There’s a lot of conversation these days about being an entrepreneur and starting your own business and it’s very reminiscent of the early dotcom days when everyone thought they’d spend a few dollars, quickly build a website, and just wait for the bucks to start rolling in. Everyone knows how well that worked out for the lion’s share of the companies, but many young people today haven’t taken the inescapable lessons of those frothy times to heart. They think that starting a business is like learning to swim the hard way – you jump (or a helpful parent or older sibling tosses you) into the deep end of the pool - and everyone (except maybe your older brother) hopes you quickly figure things out and that you don’t drown. To put this vignette into the proper perspective, the end of this particular fantasy would be that you’d swim a couple of lengths and then emerge as a slightly better swimmer than Michael Phelps.

In addition, there’s another strain of embarrassing arrogance floating around the West Coast where the “Y” guys maintain that they can identify a good, young and talented team of guys with a mediocre idea and then, by magic and the massive application of money, their “expertise”, and their network connections, invent a new and better business for the team to build. This is, by and large, utter BS and the few pivots and successful examples that have worked out shouldn’t mislead the vast majority of us into thinking that this approach makes the slightest sense. Your idea may change over time and, in many cases, it will have to, but at least it’s your idea. If you’re plowing someone else’s field or chasing another man’s dream, at the end of the day, you’re just a hired hand. So stick with making your own best ideas real – this start-up stuff is just too hard to be doing for someone else. And I get that everyone’s dream these days is to be working for themselves building an exciting new business. That’s where we’d all like to end up, but that’s not where the journey starts.

I spoke recently to a young man who said that he had decided that he really wants to work for a technology start-up. I, myself, would like to grow at least 10 inches and play center for the Celtics. I’d say we have about the same long-term prospects because just wanting doesn't make anything so.  It’s good to have desire, but the details don’t take care of themselves. Passion needs to be melded with preparation and planning. A goal without a concrete plan to get there is just a daydream or a delusion. Your plan doesn’t have to be the world’s greatest anything. It doesn’t have to be complete; it doesn’t have to be perfect; and it’s going to change a million times along the way, but it’s a place to start. As we used to say in the movie business, “the screenplay isn’t the movie that finally gets made, but it’s what gets the movie made.”

And, as many times as I have said that an entrepreneur’s ignorance can be a competitive advantage in some respects, the truth is that you don’t get into this crazy game simply by knocking on a business’s front door and asking nicely.  If wishes were fishes, every boy would be driving a Porsche. But hope alone is not a strategy for success. 

And that’s why, when I was asked the question about whether it’s better at the outset to be a founder or to work for a start-up and learn the ropes, it wasn’t even a close question. The odds of achieving some ultimate happiness and financial success are at least 1000% better if you take the time to learn your craft and develop a valuable set of skills in some area that interests you and where you’ve got some aptitude. After that, the sky really is the only limit.

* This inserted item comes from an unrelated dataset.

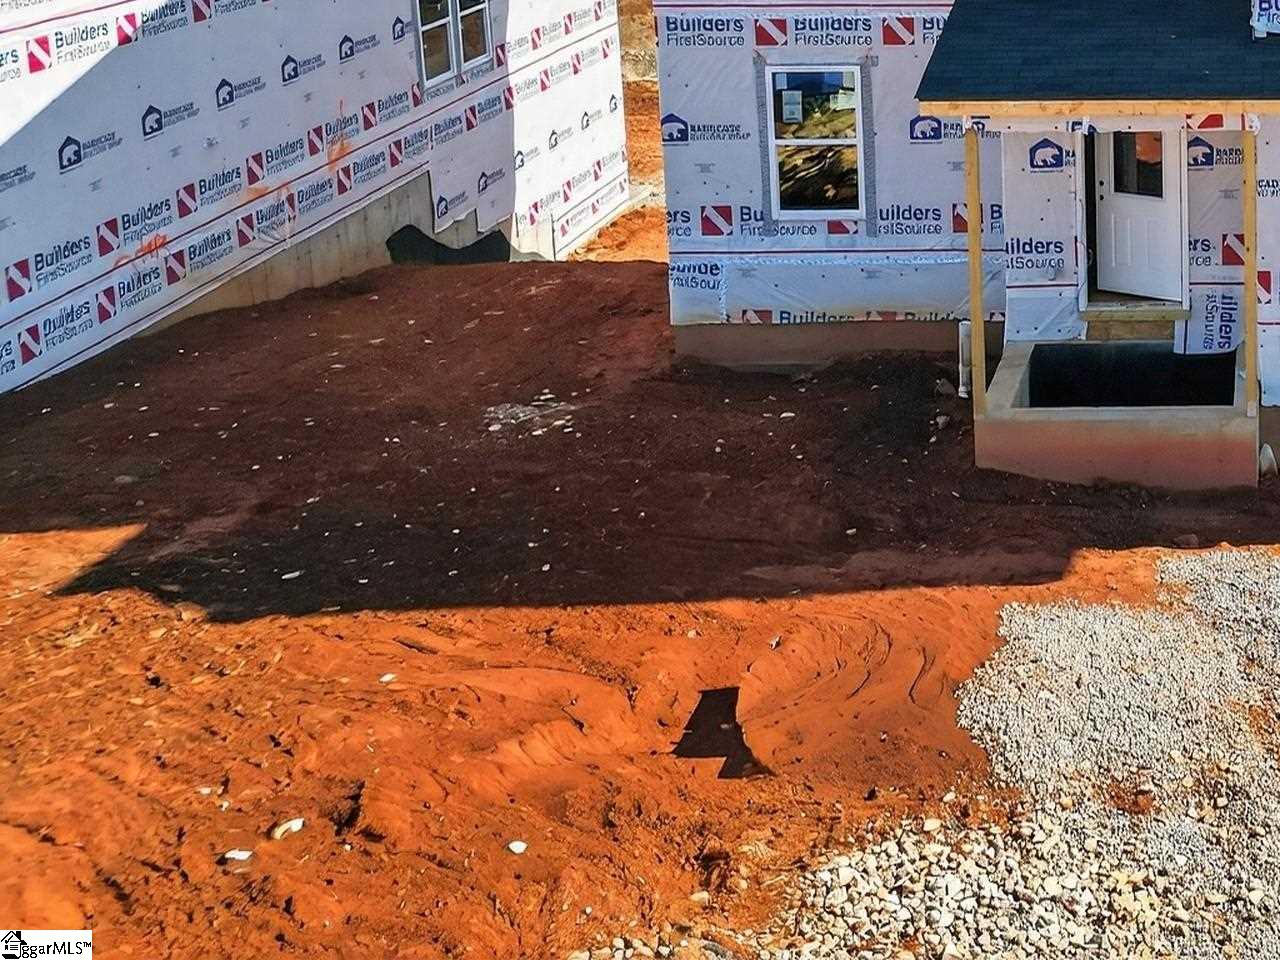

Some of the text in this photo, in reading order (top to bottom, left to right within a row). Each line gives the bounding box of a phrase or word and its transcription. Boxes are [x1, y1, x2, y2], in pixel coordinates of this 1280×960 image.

So plan to be a great employee and to grow into an important role player first and build your future path and your next plan from there instead of from nowhere.  Just one note of caution – try to work for someone who can actually teach you something of actual value – not a person who’s being doing things the same way forever or someone who’s 15 minutes older than you and learning the job as he or she goes.  Also it’s a really good idea to try to work for someone who has fewer emotional and mental problems than you have.

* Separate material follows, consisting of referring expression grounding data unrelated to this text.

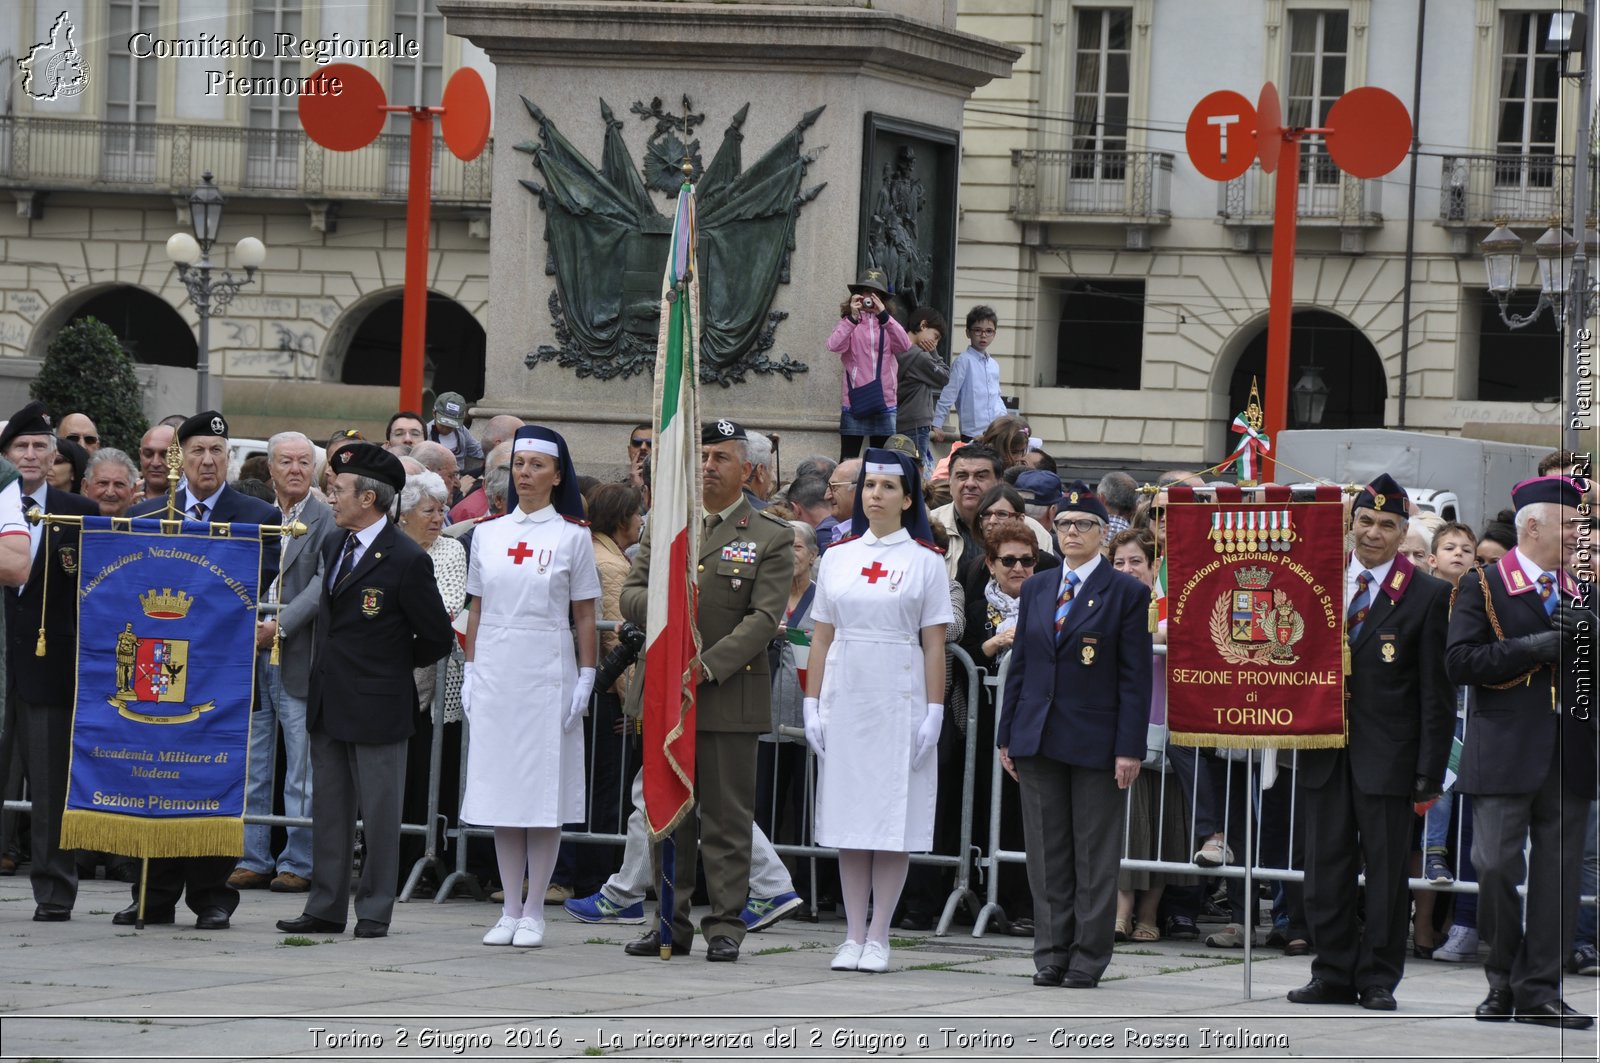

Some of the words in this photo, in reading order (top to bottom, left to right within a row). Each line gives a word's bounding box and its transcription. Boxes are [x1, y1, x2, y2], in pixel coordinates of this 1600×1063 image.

[1206, 114, 1240, 164] T
[79, 550, 144, 601] Associazione
[148, 545, 210, 568] Nazionale
[209, 563, 257, 611] ex-allievi
[1172, 559, 1221, 625] Associazione
[1222, 551, 1279, 565] Nazionale
[1280, 557, 1314, 585] Polizia
[1312, 584, 1326, 596] di
[1320, 595, 1336, 629] Stato
[1172, 668, 1233, 685] SEZIONE
[1238, 670, 1337, 686] PROVINCIALE
[1246, 691, 1258, 702] di
[1213, 708, 1293, 726] TORINO
[90, 746, 154, 761] Accademia
[157, 751, 211, 763] Militare
[214, 752, 228, 763] di
[130, 766, 180, 779] Modena
[92, 791, 145, 808] Sezione
[148, 795, 220, 811] Piemonte

So that’s job number one – get started, start learning, and go from there. Then, and only then, can you start thinking about your next step. Just like Cinderella, if you want to get a great job at a great company, you’ve got to bring something to the Ball. You’ll need the skills you developed in the jobs you’ve had before (not anything you learned in school) along with a killer work ethic as well as unbelievable persistence. With that kind of package, you’re actually worth hiring.